08/02/2023, 16:00 — 17:00 — Online
Elena Kosygina, City University of New York
Convergence and non-convergence of some self-interacting random walks to Brownian motion perturbed at extrema
Generalized Ray-Knight theorems for edge local times proved to be a very useful tool for studying the limiting behavior of several classes of self-interacting random walks (SIRWs) on integers. Examples include some reinforced random walks, excited random walks, rotor walks with defects. I shall describe two classes of SIRWs introduced and studied by Balint Toth (1996), asymptotically free and polynomially self-repelling SIRWs, and discuss new results which resolve an open question posed in Toth’s paper.

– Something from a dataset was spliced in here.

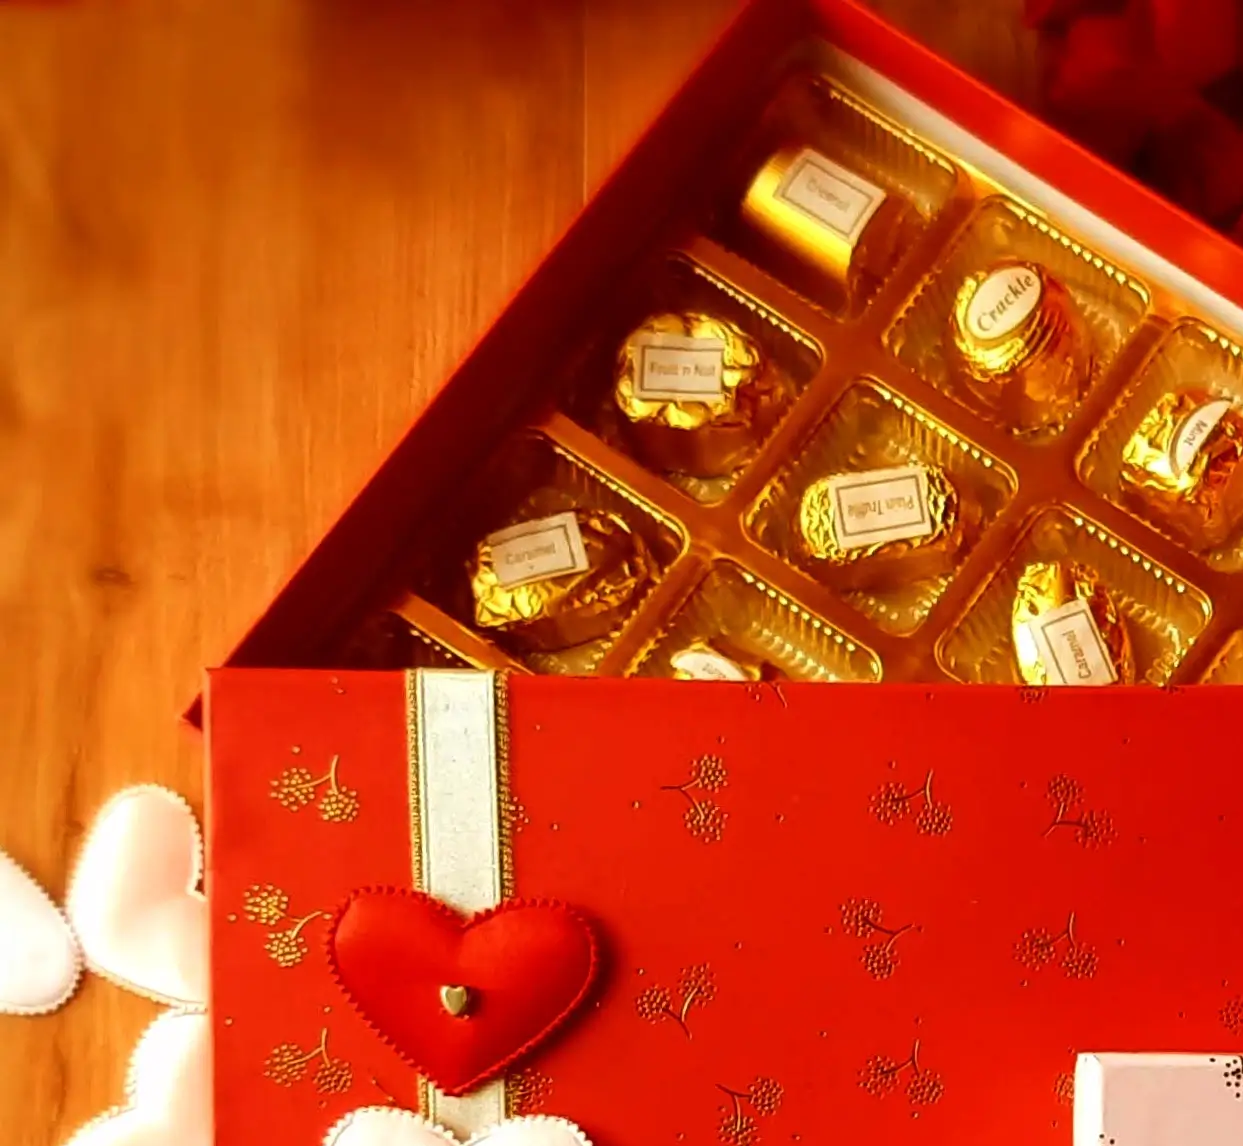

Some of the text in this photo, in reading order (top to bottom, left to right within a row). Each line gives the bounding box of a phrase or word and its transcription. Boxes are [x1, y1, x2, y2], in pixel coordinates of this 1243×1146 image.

[977, 275, 1034, 332] Crackle
[1183, 420, 1209, 446] Mint
[884, 494, 915, 511] Plain
[1061, 630, 1092, 679] Caramel

We show that in the asymptotically free case the rescaled SIRWs converge to a perturbed Brownian motion (conjectured by Toth) while in the polynomially self-repelling case the convergence to the conjectured process fails in spite of the fact that generalized Ray-Knight theorems clearly identify the unique candidate in the class of all perturbed Brownian motions. This negative result was somewhat unexpected. The question whether there is convergence in the polynomially self-repelling case and, if yes, then how to describe the limiting process is open. This is joint work with Thomas Mountford, EPFL, and Jonathon Peterson, Purdue University.